Many faculty and instructors are starting to plan for Fall courses. If you will be teaching an online or hybrid course, the BC Libraries can assist you in finding the best material and content delivery strategies appropriate for online students. As you design your course, we can review your reading list to make sure all the material you want to use in your teaching will be accessible to your students. We can also offer support for your students’ developing research skills with tutorials, embedded librarians, and synchronous online library instruction. This article will review some issues to consider and offer advice based on different types of teaching material.
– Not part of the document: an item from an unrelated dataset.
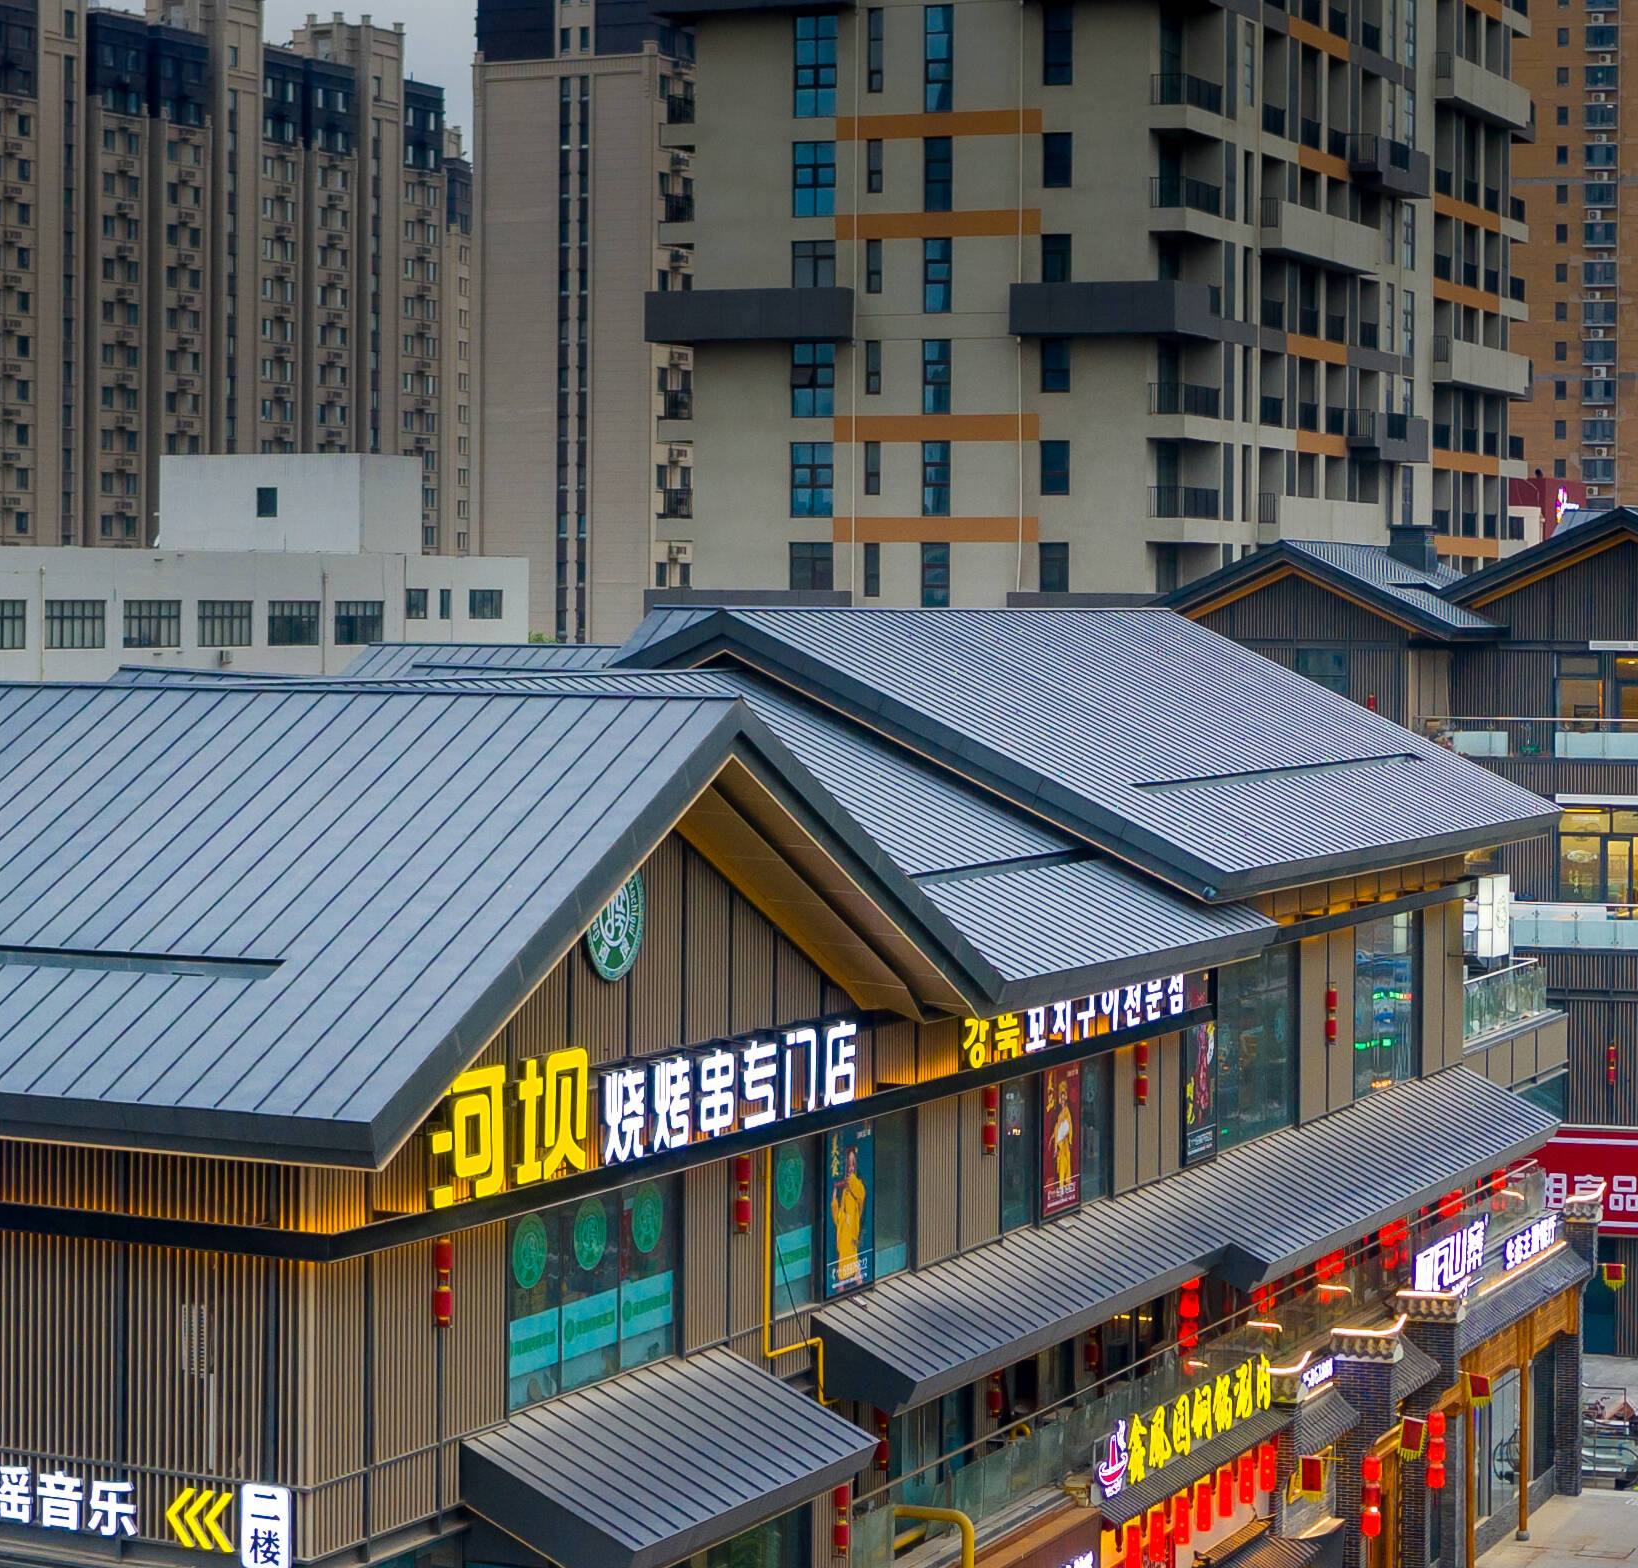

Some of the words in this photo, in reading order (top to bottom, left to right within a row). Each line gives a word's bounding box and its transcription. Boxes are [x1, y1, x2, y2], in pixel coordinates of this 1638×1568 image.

[428, 1047, 588, 1210] 河坝
[604, 1021, 857, 1165] 烧烤串专门店
[249, 1490, 282, 1567] 二楼
For books, we will search for an online version. You may have found an e-book on Amazon, but the Kindle version is only available for sale to individuals and not to institutions. We will check our suppliers to see if we can license the e-book version and determine if we can we buy access for unlimited users, so that all your students can use the book at the same time. E-book rights can be restrictive, so we want to make sure we have unlimited use or the right number of copies available depending on the size of the class. We also want to offer the ability to download chapters so students can read offline. If the book was never published online, we can scan a chapter or two and add the files to Library resources in Canvas. Due to copyright laws, we cannot scan an entire book, so we would need to limit the chapters or find other online material to supplement the book content.
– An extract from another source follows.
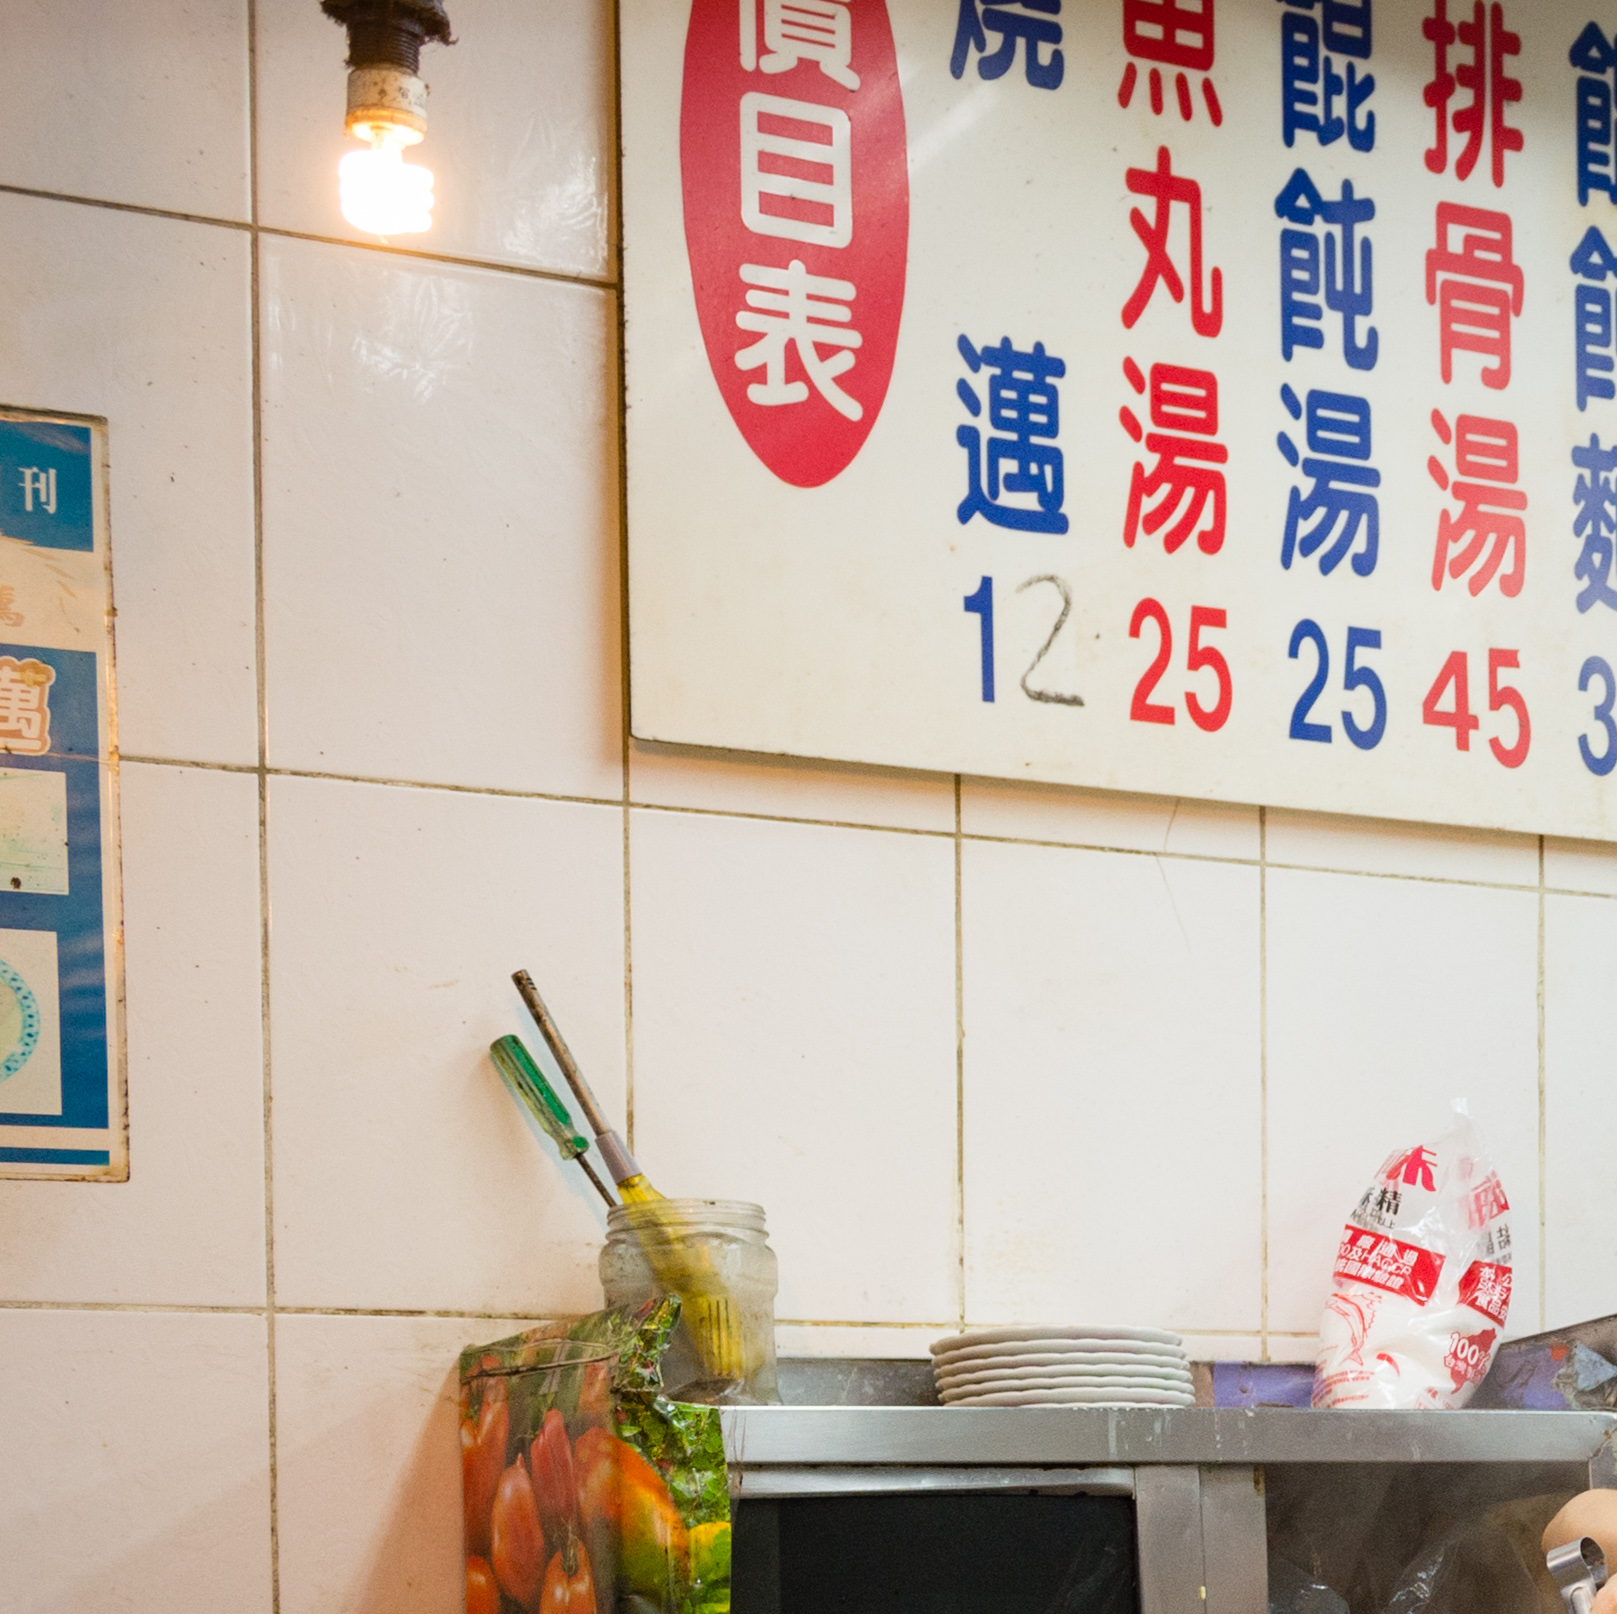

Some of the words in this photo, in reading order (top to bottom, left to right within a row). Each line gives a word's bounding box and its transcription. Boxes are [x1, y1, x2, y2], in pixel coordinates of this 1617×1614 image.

For articles, we will scan print articles or download pdf files of online articles and add those to the Library resources tab in Canvas. Our high quality scanners will create fully accessible pdf files that can be read with a screen reader. If BC doesn’t own the article that you need, we can usually get it through Interlibrary Loan from another institution.
Streaming media is extremely popular; unfortunately it can be a challenge to access. Whether you want the latest Netflix series or just a short movie clip, we can help you determine what’s available. If BC owns a film on DVD, then we can digitize a clip of the video that you can embed in Canvas. We also can point you to online films in our streaming collections and negotiate streaming rights for films we don’t currently have licensed. If we have licensed a film, usually for 1 year, we will make sure the license covers the timing for use in your course.
We can also suggest Open Educational Resources (OERs), which are excellent sources of free online content and include online textbooks, books, articles, and primary source material. OERs benefit students who cannot afford the cost of purchasing or renting online access to textbooks or other required readings.
Finally, we can introduce you to online tutorials that instruct students on research strategies such as database searching and finding primary source material. You can also embed a subject librarian in your course to teach or meet with students online. This is just some of the support the library can offer for teaching online. We are happy to meet with you online or in person to review many of the options that are available to you. Contact me at firstname.lastname@example.org or your Subject Librarian to get started.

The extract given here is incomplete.